# [Exercise aim]
The entries are to be printed again word for word, but no picture may appear.

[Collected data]
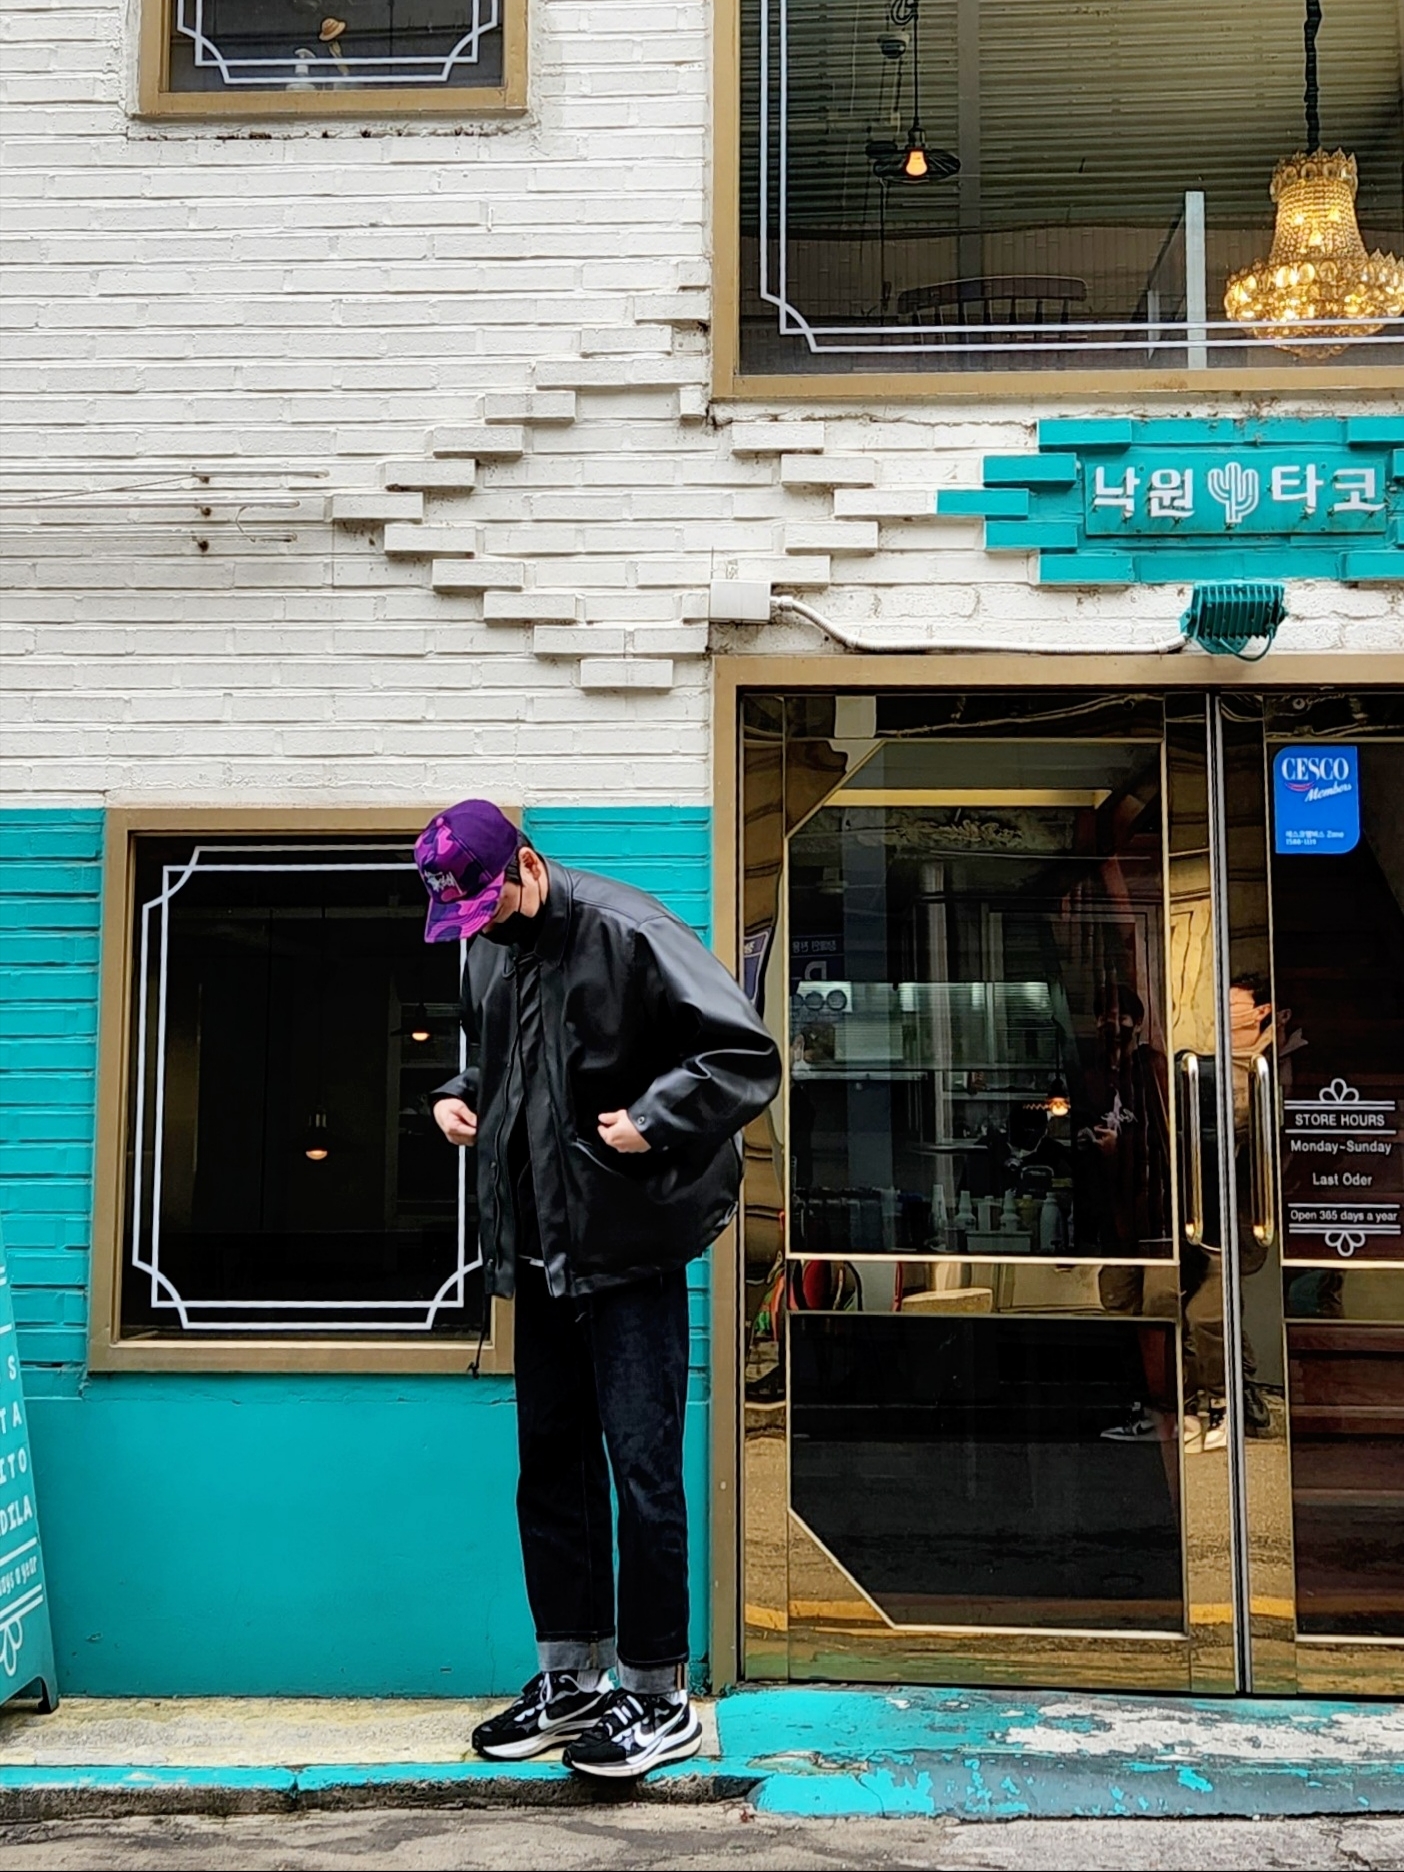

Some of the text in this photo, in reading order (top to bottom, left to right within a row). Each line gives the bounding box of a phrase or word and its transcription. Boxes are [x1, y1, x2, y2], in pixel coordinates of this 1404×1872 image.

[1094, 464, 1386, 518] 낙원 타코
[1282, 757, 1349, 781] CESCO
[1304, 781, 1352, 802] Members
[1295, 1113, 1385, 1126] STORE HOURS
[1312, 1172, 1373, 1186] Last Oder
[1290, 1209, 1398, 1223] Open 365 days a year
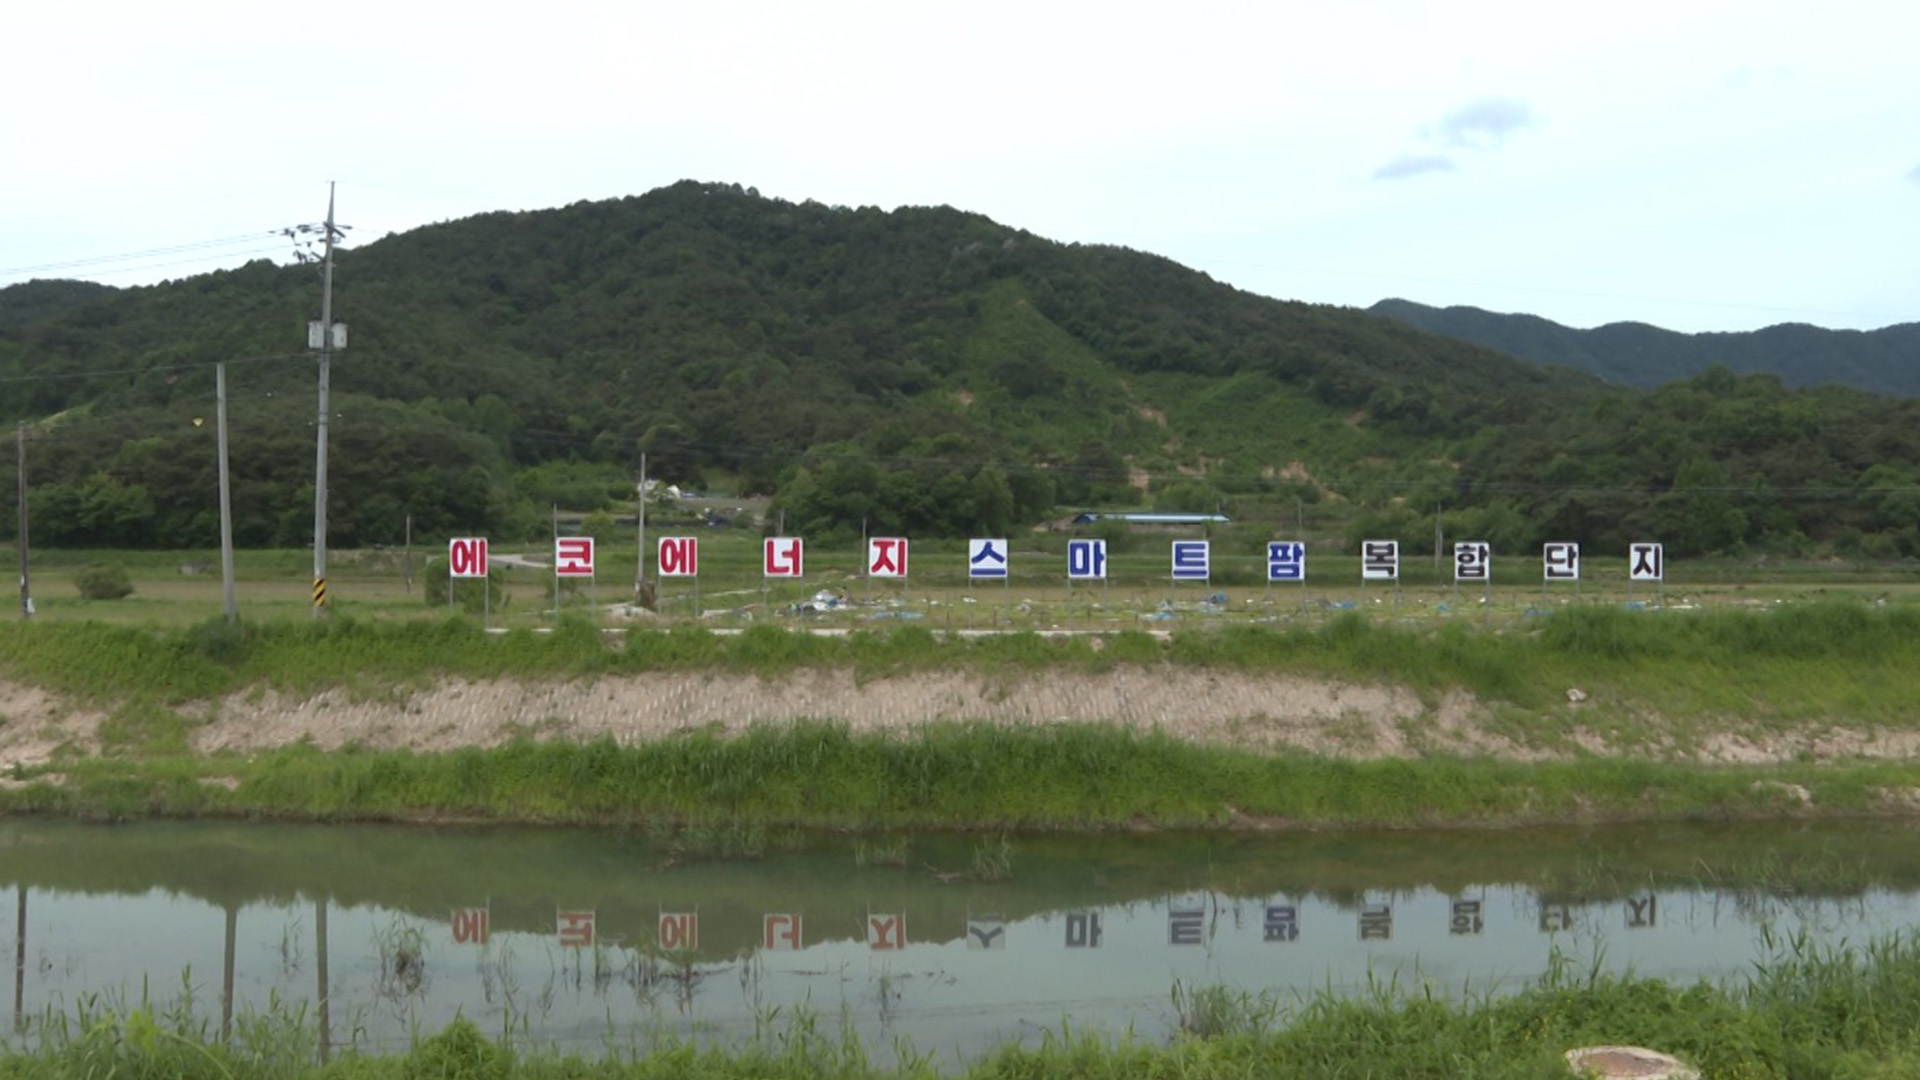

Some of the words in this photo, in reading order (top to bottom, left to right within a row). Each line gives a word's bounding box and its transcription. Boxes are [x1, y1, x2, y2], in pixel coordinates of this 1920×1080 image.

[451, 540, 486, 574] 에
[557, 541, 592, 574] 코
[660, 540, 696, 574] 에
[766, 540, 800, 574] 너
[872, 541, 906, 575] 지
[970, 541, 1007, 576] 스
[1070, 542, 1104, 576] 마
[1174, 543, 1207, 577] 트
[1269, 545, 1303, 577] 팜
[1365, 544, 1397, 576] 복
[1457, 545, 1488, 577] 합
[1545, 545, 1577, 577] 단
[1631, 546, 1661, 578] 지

# [Exercise output]
Some of the text in this photo, in reading order (top to bottom, left to right within a row). Each line gives the bounding box of a phrase or word and its transcription. Boxes are [x1, y1, x2, y2], in pixel coordinates of this 1404×1872 image.

[1094, 464, 1386, 518] 낙원 타코
[1282, 757, 1349, 781] CESCO
[1304, 781, 1352, 802] Members
[1295, 1113, 1385, 1126] STORE HOURS
[1312, 1172, 1373, 1186] Last Oder
[1290, 1209, 1398, 1223] Open 365 days a year

Some of the words in this photo, in reading order (top to bottom, left to right within a row). Each line gives a word's bounding box and its transcription. Boxes are [x1, y1, x2, y2], in pixel coordinates of this 1920×1080 image.

[451, 540, 486, 574] 에
[557, 541, 592, 574] 코
[660, 540, 696, 574] 에
[766, 540, 800, 574] 너
[872, 541, 906, 575] 지
[970, 541, 1007, 576] 스
[1070, 542, 1104, 576] 마
[1174, 543, 1207, 577] 트
[1269, 545, 1303, 577] 팜
[1365, 544, 1397, 576] 복
[1457, 545, 1488, 577] 합
[1545, 545, 1577, 577] 단
[1631, 546, 1661, 578] 지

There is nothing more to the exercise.